Find the full 16-page report here.
NETWORK FOR PUBLIC EDUCATION MOUNTING A CAMPAIGN TO DEFEAT BETSY DEVOS AS SECRETARY OF EDUCATION
1/6/2017
Senate hearings on the affirmation of Betsy DeVos as Secretary of Education start on January 11, 2017. Many educators have grave issues about Mrs. DeVos. See “ A Sobering Look at What Betsy DeVos Did to Education in Michigan – and What She Might Do as Secretary of Education” from The Answer Sheet in The Washington Post and “Betsy DeVos and God’s Plan for Schools” in the Dec. 13, 2016 New York Times.
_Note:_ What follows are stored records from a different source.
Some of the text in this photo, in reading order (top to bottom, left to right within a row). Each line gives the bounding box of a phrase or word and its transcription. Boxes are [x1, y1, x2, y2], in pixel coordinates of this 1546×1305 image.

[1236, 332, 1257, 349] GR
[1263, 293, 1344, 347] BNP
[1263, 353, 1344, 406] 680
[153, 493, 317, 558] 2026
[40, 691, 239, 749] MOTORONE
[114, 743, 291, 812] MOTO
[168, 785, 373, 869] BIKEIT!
Network for Public Education is mounting a marketing campaign and encouraging educators and different involved residents to contact their Senator. Find a pattern letter and the addresses of all Senators at https://actionnetwork.org/letters/tell-your-senator-to-vote-no-for-betsy-devos?source=facebook& amp;. Or write your own letter, in your own words.
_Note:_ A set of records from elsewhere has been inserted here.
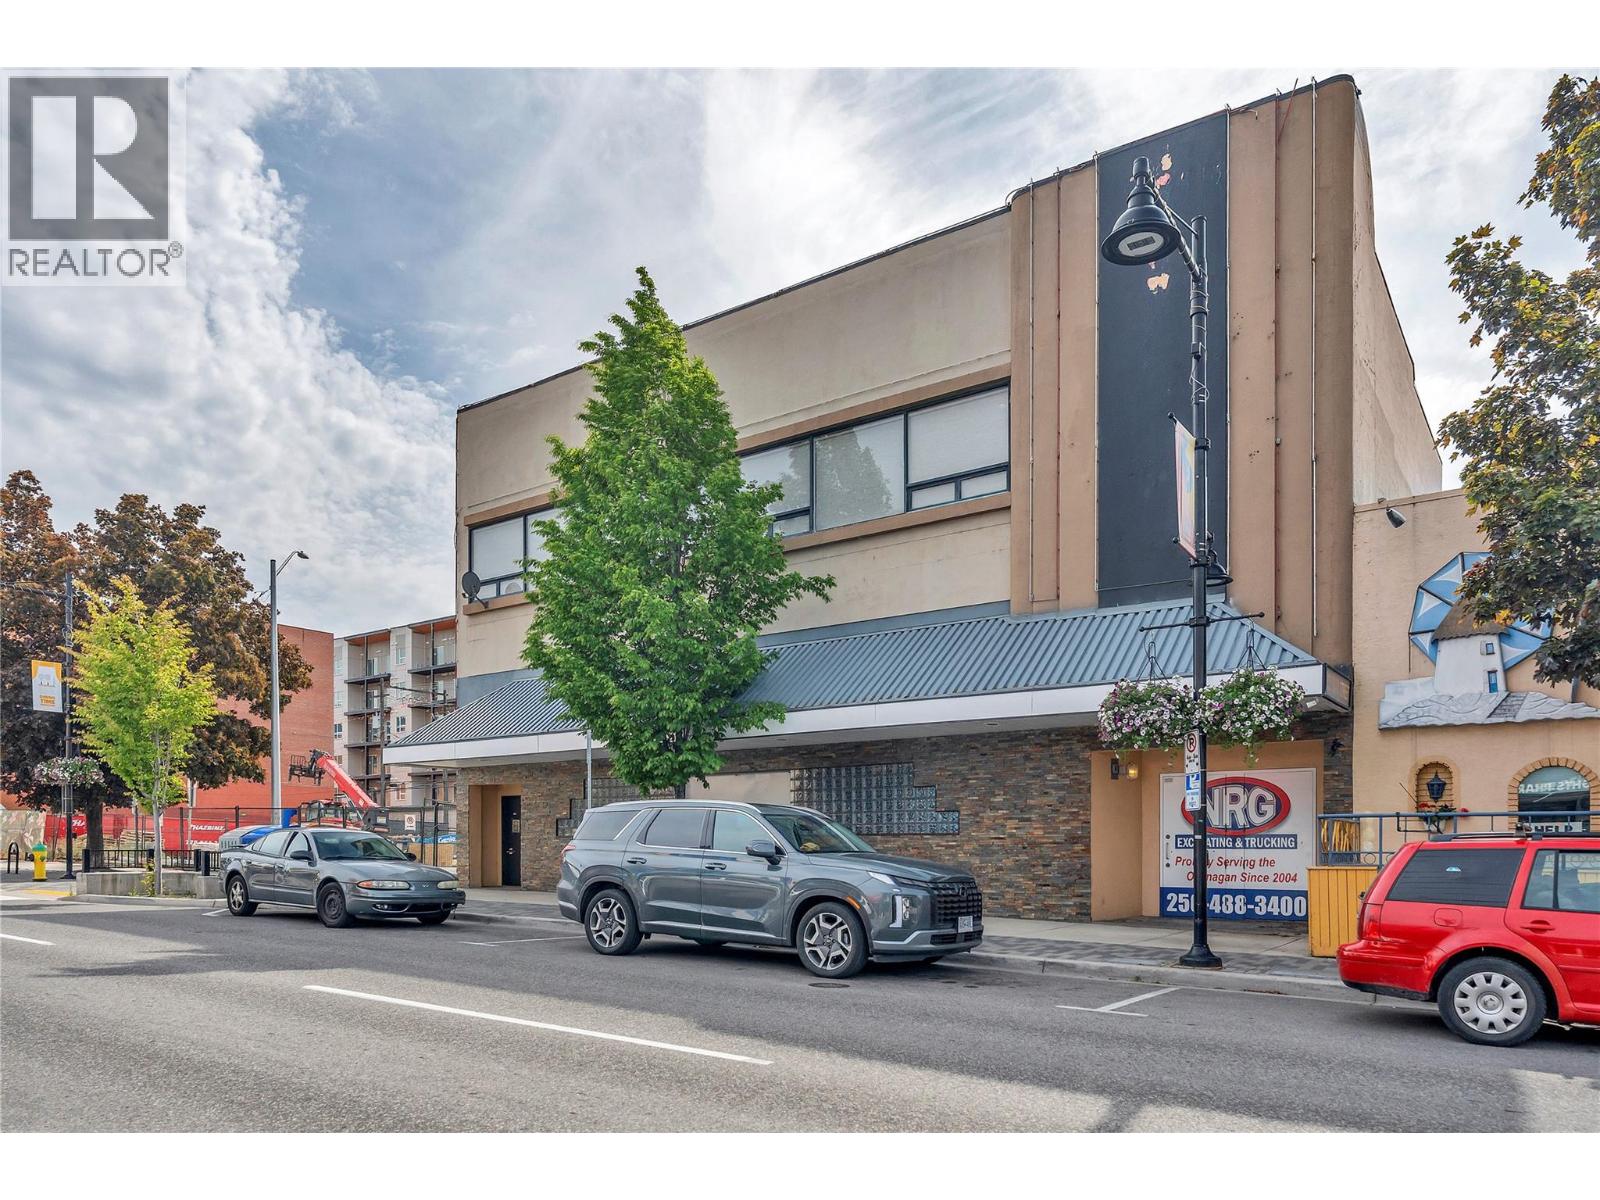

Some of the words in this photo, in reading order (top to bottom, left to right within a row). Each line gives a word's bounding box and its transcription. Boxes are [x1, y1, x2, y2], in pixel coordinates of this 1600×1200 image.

[1177, 837, 1233, 848] EXCATING
[1235, 837, 1243, 848] &
[1245, 837, 1295, 848] TRUCKING
[1175, 856, 1214, 868] Proly
[1216, 856, 1256, 869] Serving
[1259, 857, 1276, 867] the
[1187, 871, 1237, 884] Onagan
[1240, 872, 1270, 883] Since
[1273, 872, 1298, 883] 2004
Another option is to call 202-225-3121 and be connected with any congressional member, both Senators and Members of the House of Representatives. Tell the staffer who answers that you are opposed to Mrs. DeVos’ confirmation as Secretary of Education. They will ask for your name and zip code and tally your call as a “yay” or “nay.”